What is needed: Every record below should be retyped exactly, and no picture should appear in the copy.

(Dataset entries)
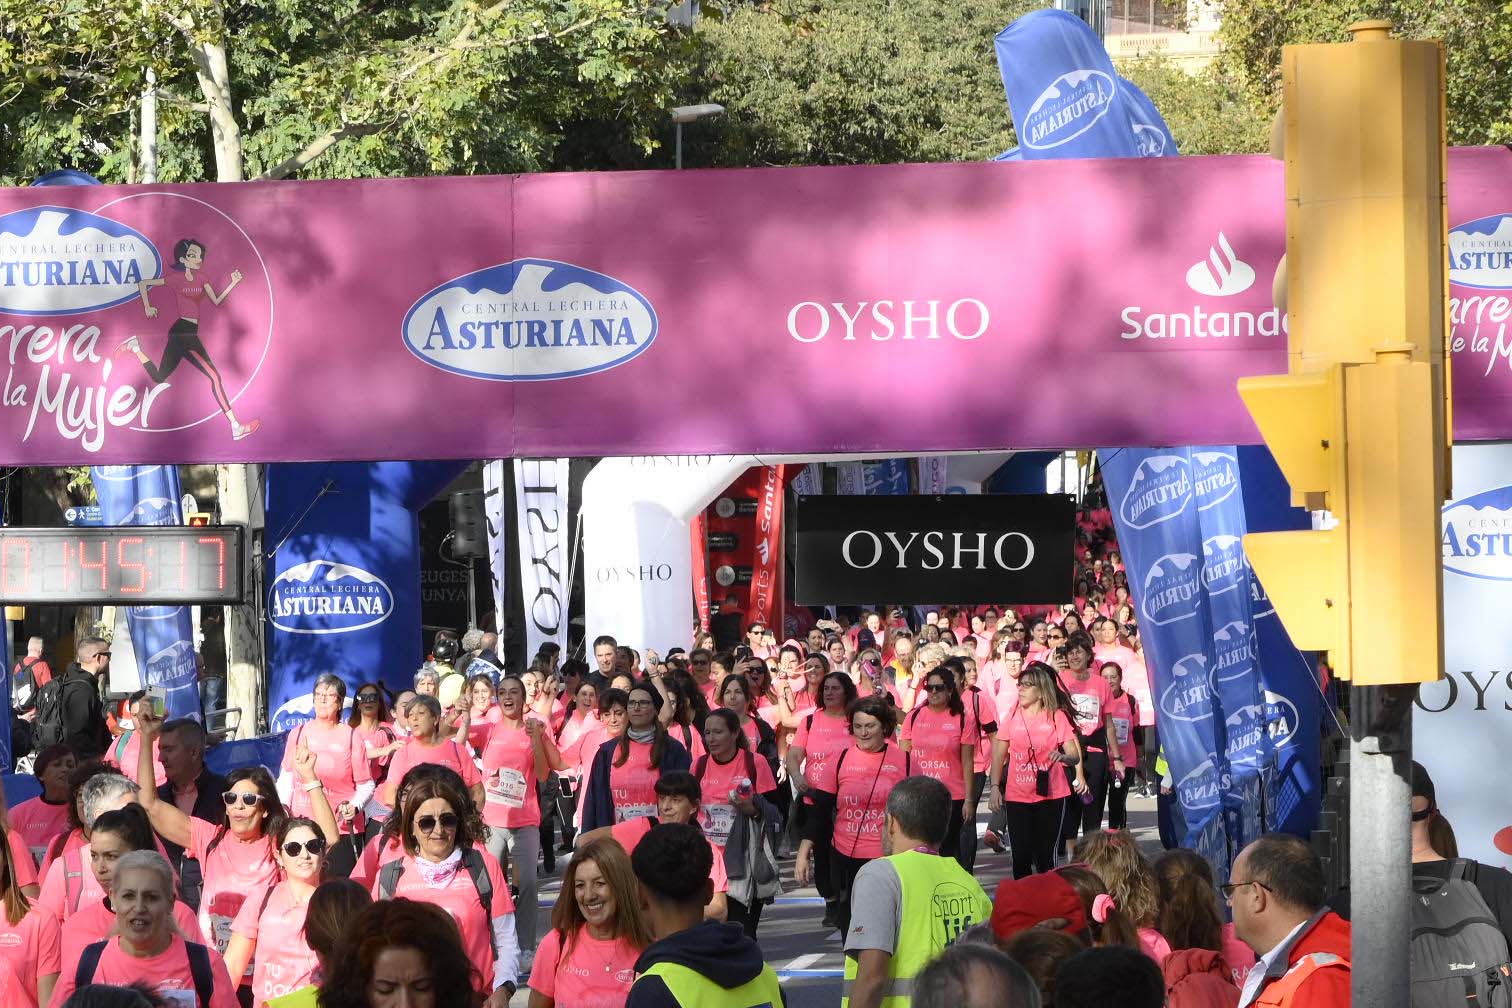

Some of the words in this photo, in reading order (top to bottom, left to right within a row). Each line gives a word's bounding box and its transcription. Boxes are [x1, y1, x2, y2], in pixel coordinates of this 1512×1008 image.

[65, 242, 137, 253] LECHERA
[461, 301, 539, 314] CENTRAL
[546, 299, 629, 312] LECHERA
[422, 306, 638, 350] ASTURIANA
[787, 298, 989, 343] OYSHO
[1120, 306, 1288, 340] Santand
[1470, 324, 1489, 353] la
[3, 367, 27, 407] la
[22, 358, 172, 452] Mujer
[842, 529, 1036, 571] OYSHO
[596, 563, 673, 584] OYSHO
[284, 585, 328, 595] CENTRAL
[332, 585, 381, 595] LECHERA
[272, 590, 385, 618] ASTURIANA
[920, 760, 950, 769] ORSAL
[614, 789, 627, 799] TU
[845, 796, 859, 806] TU
[846, 809, 889, 820] DORSA
[933, 894, 974, 921] Sport
[943, 915, 972, 948] Lif
[264, 962, 281, 977] TU
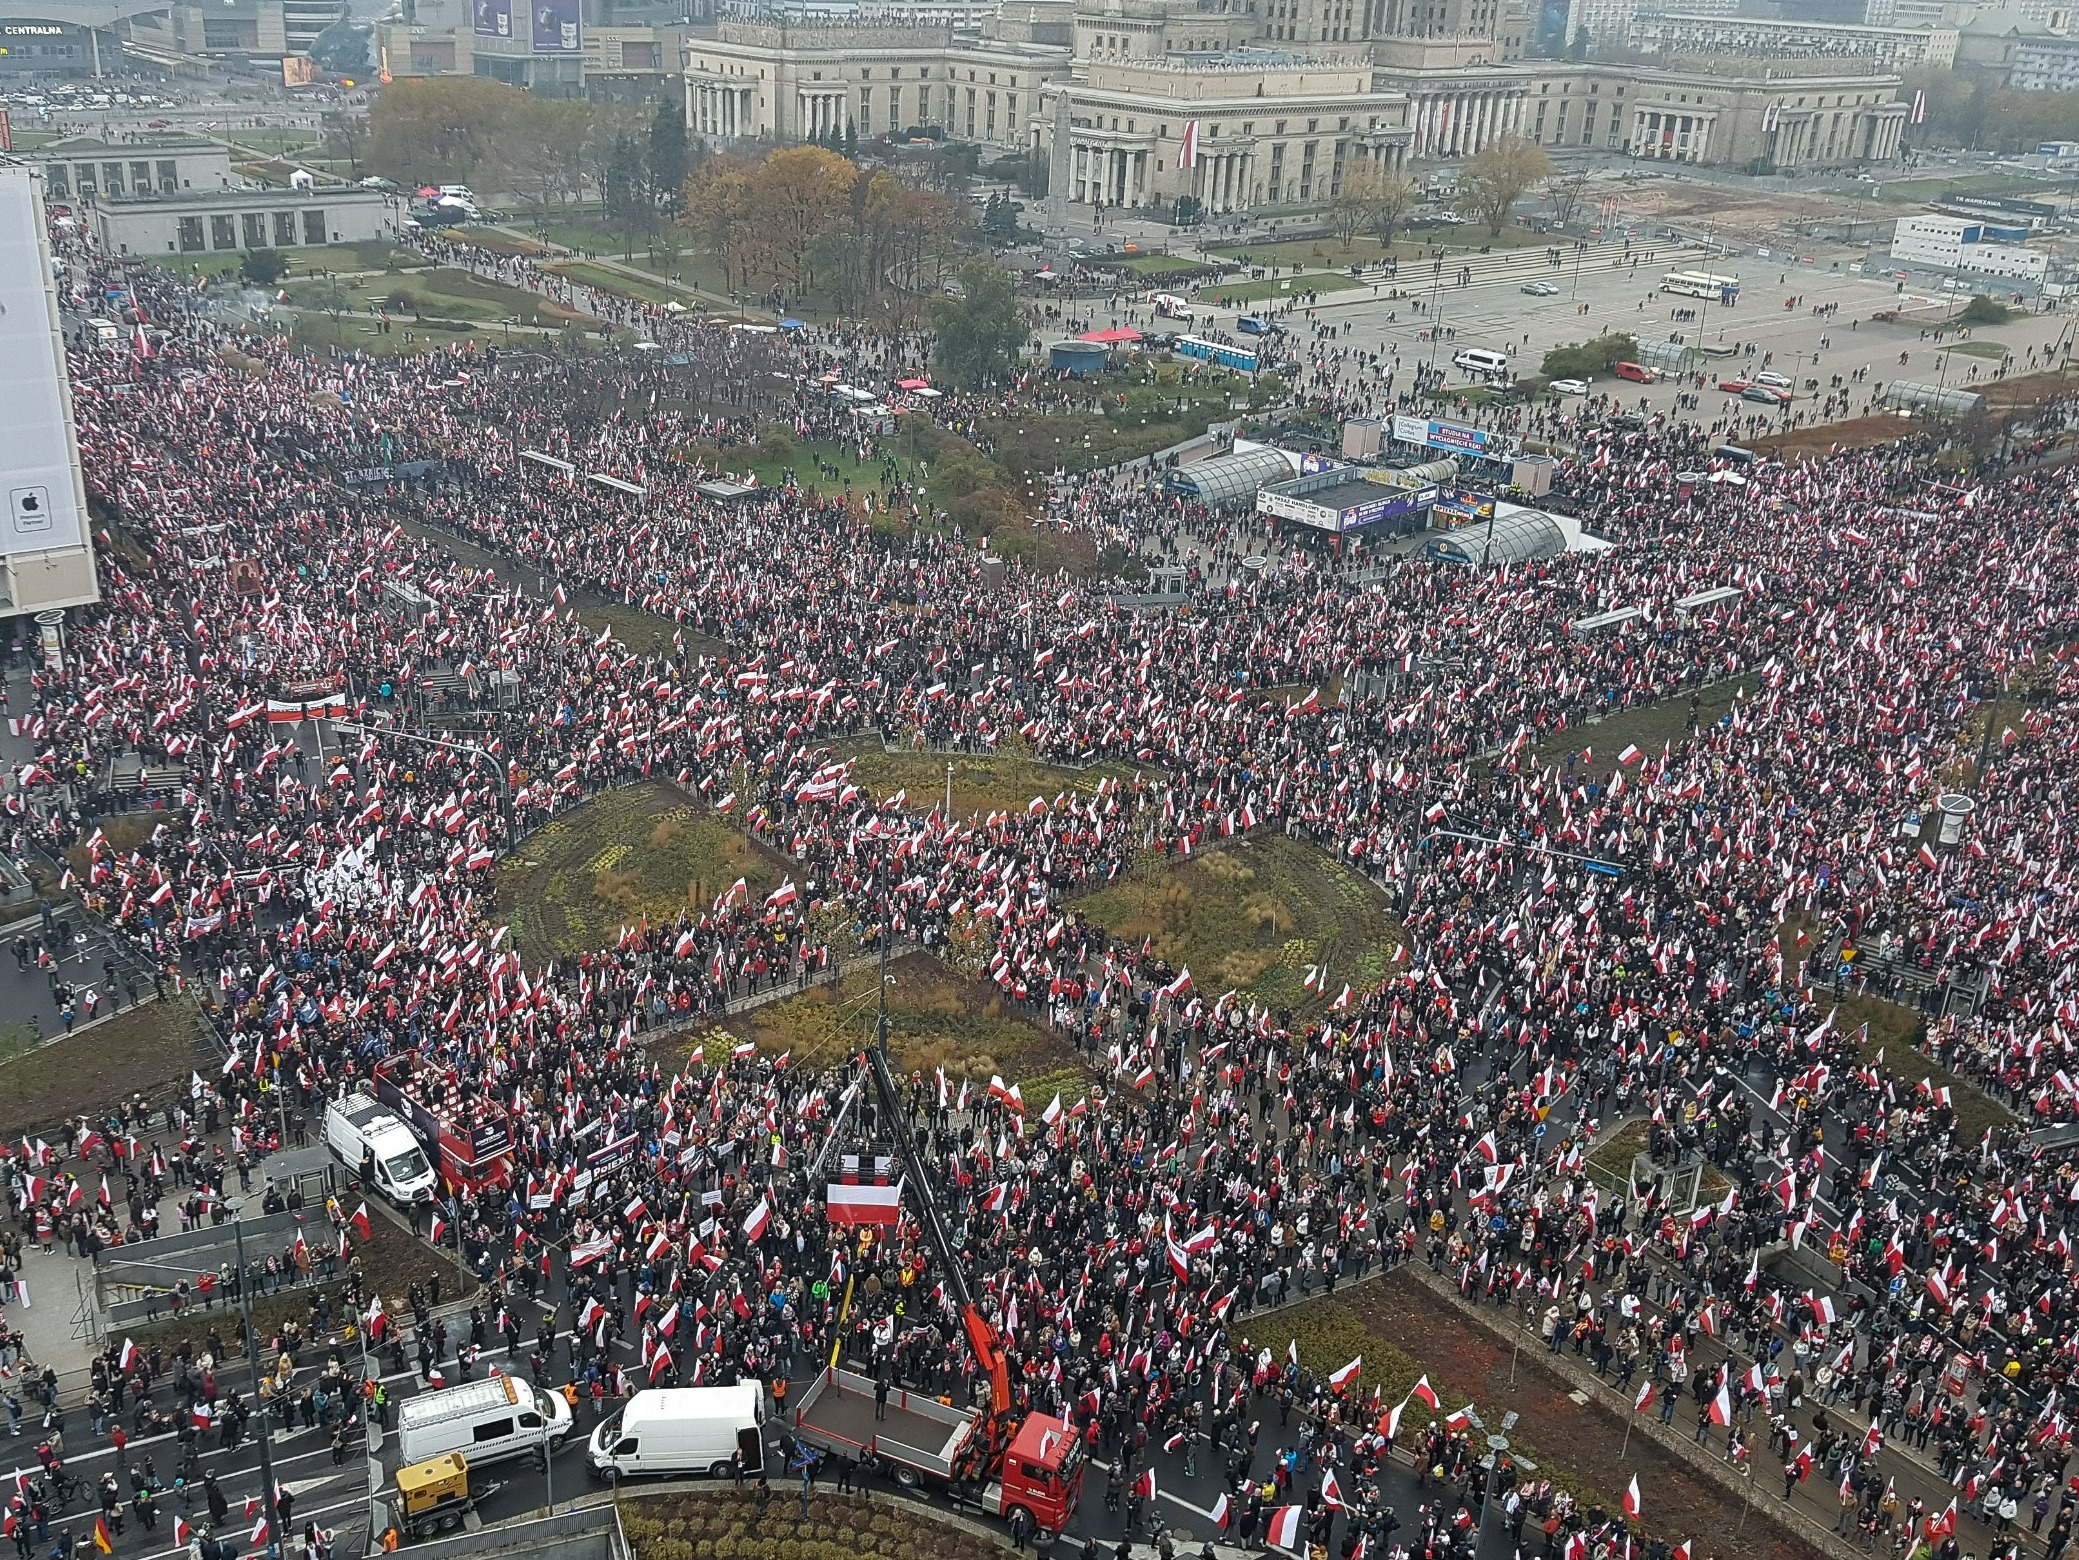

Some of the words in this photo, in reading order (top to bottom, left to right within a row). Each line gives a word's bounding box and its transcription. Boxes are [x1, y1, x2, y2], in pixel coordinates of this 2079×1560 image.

[5, 26, 63, 35] CENTRALNA
[1965, 197, 2001, 208] WARSZAWA
[1910, 813, 1917, 821] P
[593, 1150, 635, 1178] PolEXIT

Solved problem:
Some of the words in this photo, in reading order (top to bottom, left to right within a row). Each line gives a word's bounding box and its transcription. Boxes are [x1, y1, x2, y2], in pixel coordinates of this 1512×1008 image.

[65, 242, 137, 253] LECHERA
[461, 301, 539, 314] CENTRAL
[546, 299, 629, 312] LECHERA
[422, 306, 638, 350] ASTURIANA
[787, 298, 989, 343] OYSHO
[1120, 306, 1288, 340] Santand
[1470, 324, 1489, 353] la
[3, 367, 27, 407] la
[22, 358, 172, 452] Mujer
[842, 529, 1036, 571] OYSHO
[596, 563, 673, 584] OYSHO
[284, 585, 328, 595] CENTRAL
[332, 585, 381, 595] LECHERA
[272, 590, 385, 618] ASTURIANA
[920, 760, 950, 769] ORSAL
[614, 789, 627, 799] TU
[845, 796, 859, 806] TU
[846, 809, 889, 820] DORSA
[933, 894, 974, 921] Sport
[943, 915, 972, 948] Lif
[264, 962, 281, 977] TU

Some of the words in this photo, in reading order (top to bottom, left to right within a row). Each line gives a word's bounding box and its transcription. Boxes are [x1, y1, x2, y2], in pixel coordinates of this 2079×1560 image.

[5, 26, 63, 35] CENTRALNA
[1965, 197, 2001, 208] WARSZAWA
[1910, 813, 1917, 821] P
[593, 1150, 635, 1178] PolEXIT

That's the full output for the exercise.